“Un calcio… al bullismo”: anche l’Uisp al seminario di Genova

Si terrà venerdì 7 febbraio, dalle 14 alle 18, presso il Centro di cultura, formazione e attività forensi dell’Ordine degli Avvocati di Genova, in via XII ottobre 3, il seminario dal titolo “Un calcio… al bullismo”. L’incontro, inserito nell’ambito della Giornata nazionale contro il bullismo ed il cyberbullismo, vedrà la presenza di numerose figure significative del calcio professionistico ed amatoriale, e tratterà il delicatissimo e sempre molto attuale tema del bullismo nello sport, ed in particolare nel mondo del calcio.

Tra i relatori, anche il vicepresidente Uisp Nazionale, Tiziano Pesce: “Ringrazio per l’organizzazione di questo importante momento di confronto e per il coinvolgimento della nostra associazione, la responsabile commissione diritto sportivo dell’Ordine degli avvocati di Genova, Elisa Brigandì – dice Pesce – Abbiamo dato volentieri il patrocinio dell’Uisp nazionale ad un evento che affronta un tema a cui teniamo molto. Sarà un’ottima opportunità per un approfondimento tra operatori del mondo sportivo, a  partire dal calcio ma non solo, infatti la prospettiva dell’Uisp è sempre multidisciplinare. Il nostro impegno contro il bullismo nel mondo dello sport è trasversale: se ne parla molto come fenomeno nel mondo della scuola, mentre è ancora sottovalutato come comportamento da contrastare nell’ambito sportivo. La nostra presenza alla tavola rotonda servirà proprio a sottolineare la necessità di un approccio che sia il più ampio possibile e che coinvolga anche altre agenzie educative, in primis famiglia e scuola, con azioni concrete che non siano settoriali e lavorino per creare una vera e propria comunità educante”.
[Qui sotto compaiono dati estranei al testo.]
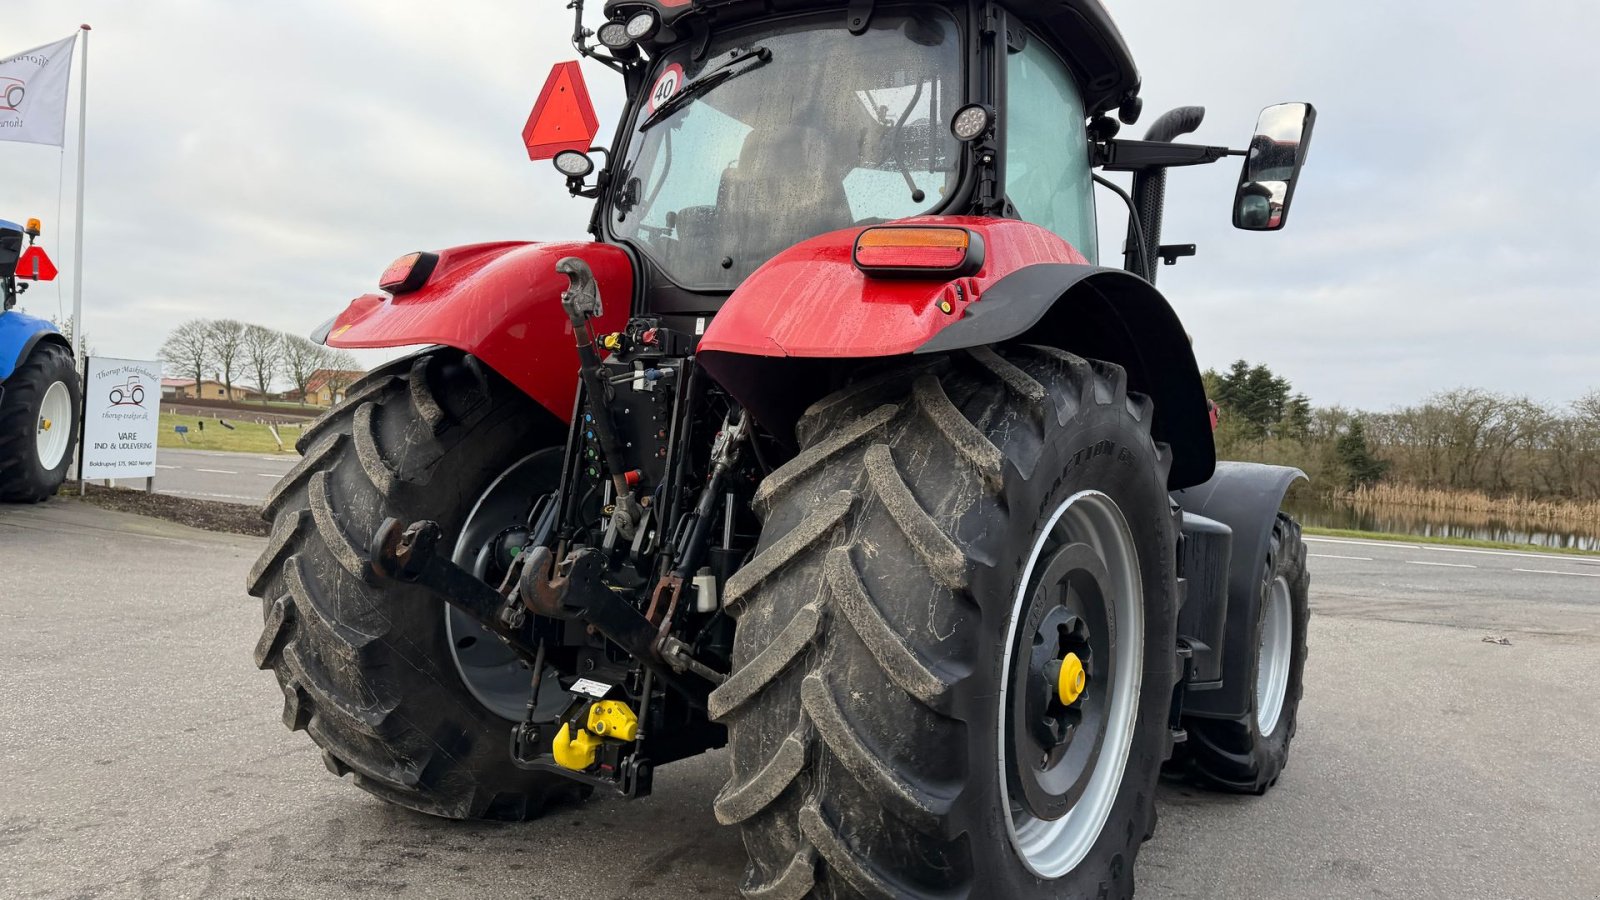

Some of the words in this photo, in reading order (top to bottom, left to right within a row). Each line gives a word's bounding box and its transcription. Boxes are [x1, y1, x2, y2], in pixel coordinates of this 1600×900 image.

[654, 78, 673, 101] 40
[95, 367, 120, 380] Thorup
[118, 432, 137, 440] VARE
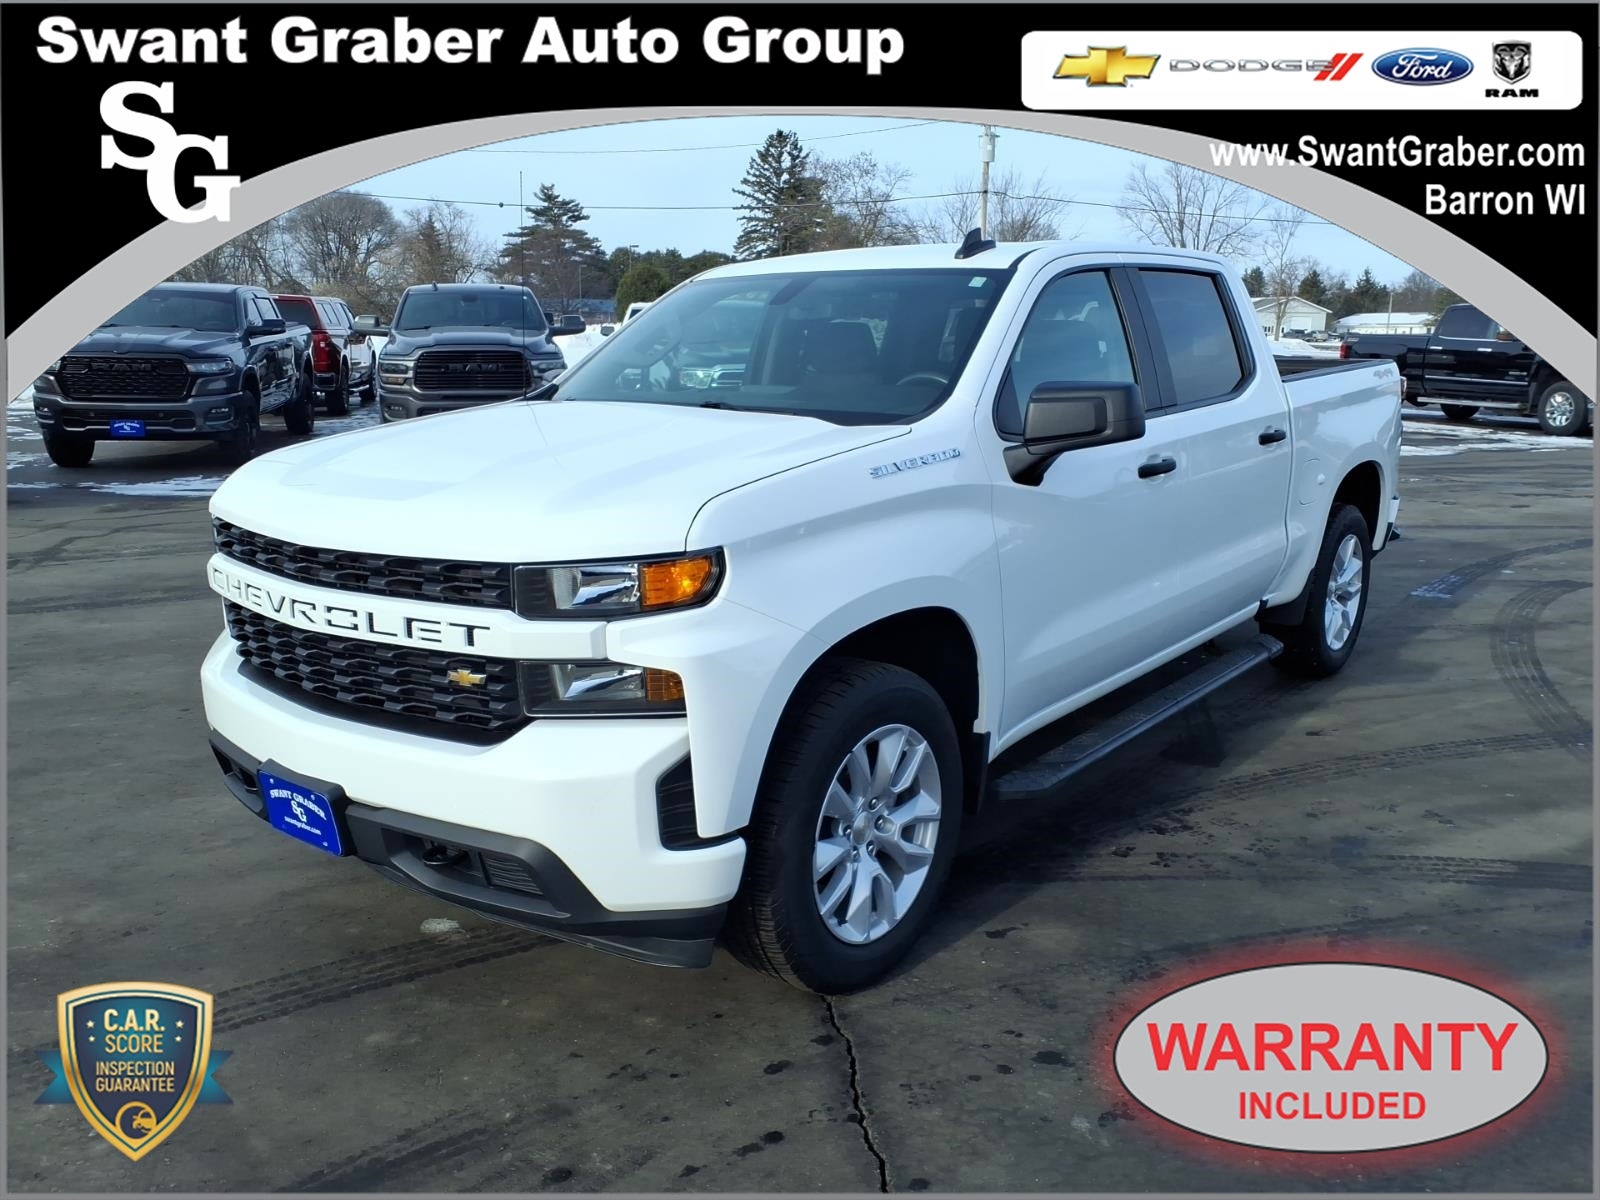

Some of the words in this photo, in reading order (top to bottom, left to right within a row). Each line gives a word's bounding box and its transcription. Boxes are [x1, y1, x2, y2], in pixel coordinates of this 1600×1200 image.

Da dove partire per contrastare queste dinamiche nei campetti in cui protagonisti sono i bambini?
“Per noi parte tutto dall’impegno quotidiano sulla formazione di dirigenti, tecnici e allenatori impegnati all’interno delle associazioni e società sportive. L’obiettivo è che i nostri operatori sempre più sappiano interpretare e leggere questi fenomeni, capire come intervenire e soprattutto come prevenirli. Quello che vogliamo per i bambini e i ragazzi che frequentano le nostre basi associative è che possano stare bene con sè stessi e i propri compagni di attività sportiva. Quindi cerchiamo di fornire agli adulti gli strumenti per intervenire, qualora queste forme di bullismo si verificassero” .

“Nel mondo dello sport esiste un bullismo mascherato, fatto di prese in giro e sfottò, che può apparire meno grave ma dare origine a difficoltà di integrazione e socializzazione nei più piccoli – conclude Tiziano Pesce – Quindi vogliamo evitare sottovalutazioni, ascoltando e sostenendo i nostri ragazzi. In particolare in questi tempi in cui tante altre insidie si nascondono sul web, come il cyber bullismo. Penso che lo sport possa essere utile anche nel contrasto a queste forme di violenza, perché fa incontrare le persone, le fa parlare e facilita una vera socializzazione”.